The following cases are cited in the judgment:


Amet v Yama (2010) SC1064
Bao v Reipa (1998) N1753
Beseoh v Bao (2003) N2348
Delba Biri v Bill Ninkama [1982] PNGLR 342
Ekip v Wimb (2012) N4899
Holloway v Ivarato [1988] PNGLR 99
Jimson Sauk v Don Pomb Polye (2004) SC769
Kikala v Electoral Commission and Mangape (2013) N4960
Kimave v Tore, Electoral Commission, Trawen & Kavo EP No 58 of 2012, 27.02.13, unreported
Nomane v Mori (2013) SC1242


APPLICATION


This was an application for review of a decision of the National Court to uphold an objection to competency of an election petition and dismiss the petition.


Counsel


P Ame, for the applicant
T Kuma, for the first, second & third respondents
J A Kumbari, for the fourth respondent


20th December, 2013


1. BY THE COURT: Riddler Dorobe Kimave applies for review under Section 155(2)(b) of the Constitution of the decision of the National Court to dismiss his petition which disputed the validity of the election of Havila Kavo as member for Gulf Provincial in the 2012 general election. The National Court, constituted by Justice Murray, upheld objections by the first, second and third respondents to the competency of the petition and dismissed the petition in its entirety (Kimave v Tore, Electoral Commission, Trawen & Kavo EP No 58 of 2012, 27.02.13, unreported).


THE PETITION


2. The petition was based on four grounds:


  1. Errors and omissions by the first respondent, the returning officer, Poevare Tore, and election officials: failure to allow a proper scrutiny.
  2. Errors and omissions by the first respondent and counting officials: appointment of two counting centres and failure to maintain a single progressive tally sheet.
  3. Errors and omissions by the first respondent and counting officials: errors flowing from the exclusion of candidate Elijah Timothy.
  4. Errors and omissions by the first respondent and election officials: use of an Electoral Commission lawyer to hide errors and omissions in the conduct of the scrutiny.

LAW


3. It is agreed that the question of competency of a petition is to be determined in the light of Sections 208, 209 and 210 of the Organic Law. Section 208 (requisites of petition) states:


A petition shall—


(a) set out the facts relied on to invalidate the election or return; and


(b) specify the relief to which the petitioner claims to be entitled; and


(c) be signed by a candidate at the election in dispute or by a person who was qualified to vote at the election; and


(d) be attested by two witnesses whose occupations and addresses are stated; and


(e) be filed in the Registry of the National Court at Port Moresby or at the court house in any Provincial headquarters within 40 days after the declaration of the result of the election in accordance with Section 175(1)(a).

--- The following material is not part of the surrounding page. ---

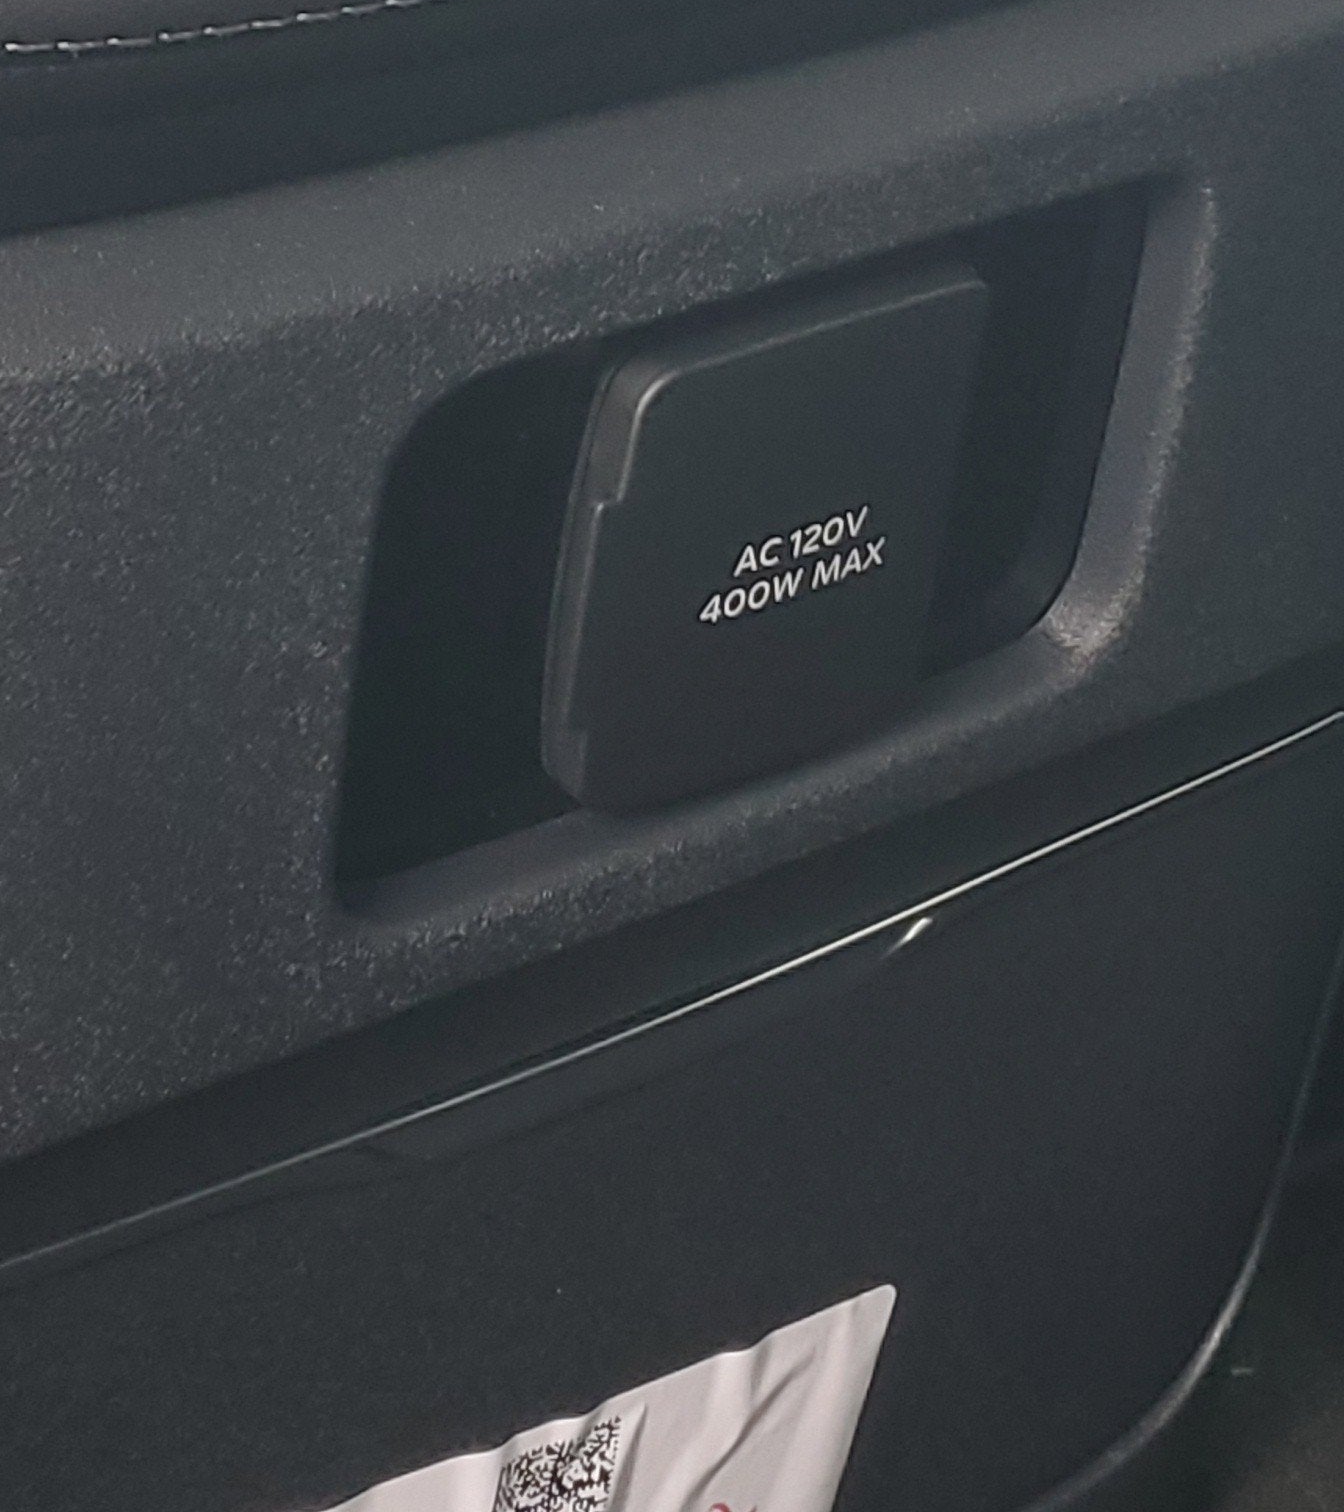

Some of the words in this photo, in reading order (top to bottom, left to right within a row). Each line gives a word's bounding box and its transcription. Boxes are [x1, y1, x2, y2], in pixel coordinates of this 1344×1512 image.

[699, 567, 805, 624] 400W
[811, 536, 886, 589] MAX
[733, 536, 784, 577] AC
[789, 505, 869, 558] 120V

4. Section 209 (deposit as security for costs) states:


At the time of filing the petition the petitioner shall deposit with the Registrar of the National Court the sum of K5,000.00 as security for costs.


5. Section 210 (no proceedings unless requisites complied with) states:


Proceedings shall not be heard on a petition unless the requirements of Sections 208 and 209 are complied with.

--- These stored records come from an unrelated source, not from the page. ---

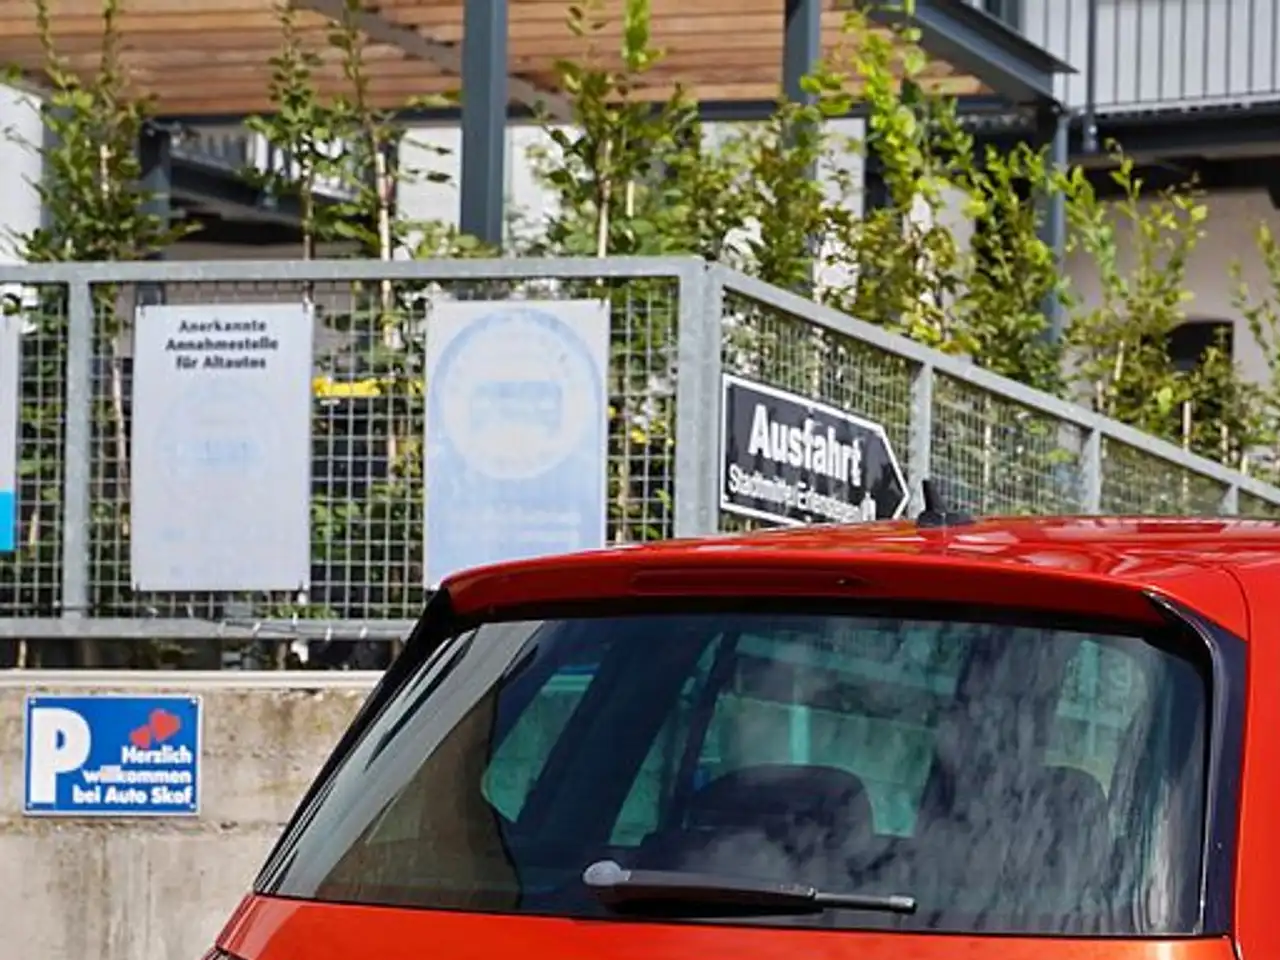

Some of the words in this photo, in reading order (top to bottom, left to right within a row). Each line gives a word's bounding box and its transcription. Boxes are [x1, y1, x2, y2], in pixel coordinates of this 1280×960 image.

[178, 320, 267, 333] Anerkannte
[165, 337, 279, 351] Annahmestelle
[176, 356, 198, 369] für
[203, 356, 267, 370] Altautos
[747, 402, 862, 487] Ausfahrt
[30, 707, 91, 804] P
[121, 745, 192, 764] Herzlich
[82, 765, 191, 783] willkommen
[72, 785, 100, 804] bei
[104, 787, 147, 804] Auto
[151, 786, 193, 804] Skof
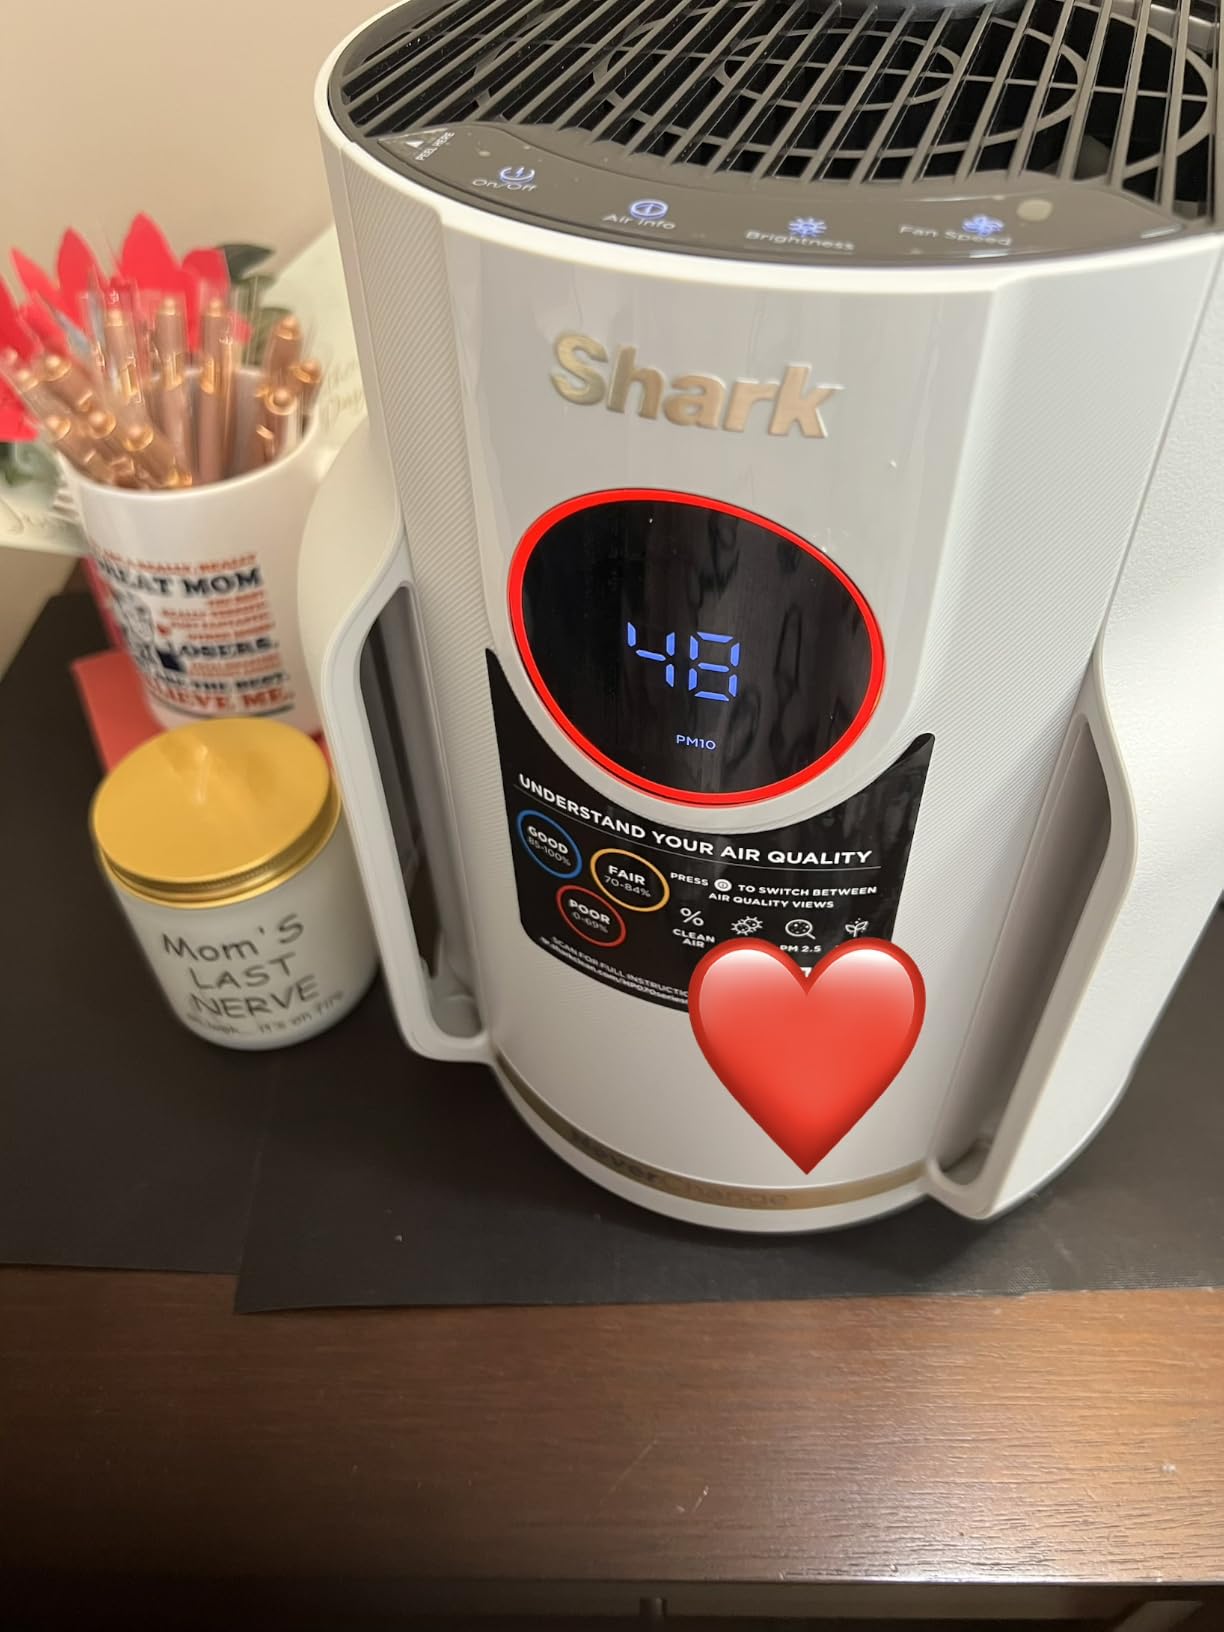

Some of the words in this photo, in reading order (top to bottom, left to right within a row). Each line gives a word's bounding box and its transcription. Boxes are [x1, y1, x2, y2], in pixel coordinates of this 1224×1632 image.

[472, 178, 537, 192] On/Off
[602, 214, 632, 224] Air
[745, 229, 855, 251] Brightness
[900, 225, 937, 239] Fan
[944, 231, 1012, 246] Speed
[551, 333, 845, 438] Shark
[182, 567, 262, 596] MOM
[627, 622, 740, 701] 48
[675, 734, 717, 750] PM10
[519, 773, 646, 839] UNDERSTAND
[651, 831, 714, 856] YOUR
[721, 847, 760, 862] AIR
[767, 850, 873, 865] QUALITY
[527, 826, 569, 855] GOOD
[527, 836, 571, 867] 85-100%
[604, 875, 651, 898] 70-84%
[608, 865, 646, 886] FAIR
[670, 872, 709, 886] PRESS
[738, 884, 756, 893] TO
[758, 886, 809, 897] SWITCH
[812, 886, 877, 897] BETWEEN
[569, 899, 610, 925] POOR
[708, 892, 730, 902] AIR
[733, 896, 788, 908] QUALITY
[792, 900, 834, 909] VIEWS
[572, 911, 608, 934] 0-69%
[680, 907, 704, 927] %
[672, 928, 715, 943] CLEAN
[682, 937, 705, 948] AIR
[552, 936, 578, 956] SCAN
[579, 951, 599, 966] FOR
[600, 961, 625, 978] FULL
[780, 944, 799, 952] PM
[801, 945, 822, 953] 2.5
[189, 952, 296, 990] LAST
[190, 974, 320, 1019] NERVE

6. The combined effect of Sections 208, 209 and 210 is that a petition must comply with six separate requirements (five in Section 208 and one in Section 209). If it fails to comply with all of them the petition will be incompetent and the National Court will lack jurisdiction to hear it (Jimson Sauk v Don Pomb Polye (2004) SC769).


THE OBJECTION TO COMPETENCY IN THIS CASE


7. The objection to competency was based on two grounds:


  1. Failure to comply with Section 208(d) of the Organic Law on National and Local-level Government Elections (the Organic Law). It was argued that the two witnesses who attested the petition were not qualified to do so as neither was in a position to testify, confirm, verify or prove any of the facts underlying the grounds of the petition.
  2. Failure to comply with Section 208(a) of the Organic Law. It was argued that each of the four grounds of the petition failed to plead adequate facts.

NATIONAL COURT DECISION


8. The primary Judge upheld both grounds of objection. As to the first ground her Honour followed the decision of Makail J in Kikala v Electoral Commission and Mangape (2013) N4960 and the obiter dicta of Kandakasi J in Ekip v Wimb (2012) N4899. Her Honour ruled that the two witnesses who purported to attest the petition were not qualified to do so as neither was in a position to testify, confirm, verify or prove any of the facts underlying the grounds of the petition. Her Honour held that the requirements of Section 208(d) were not complied with and that this rendered the entire petition incompetent.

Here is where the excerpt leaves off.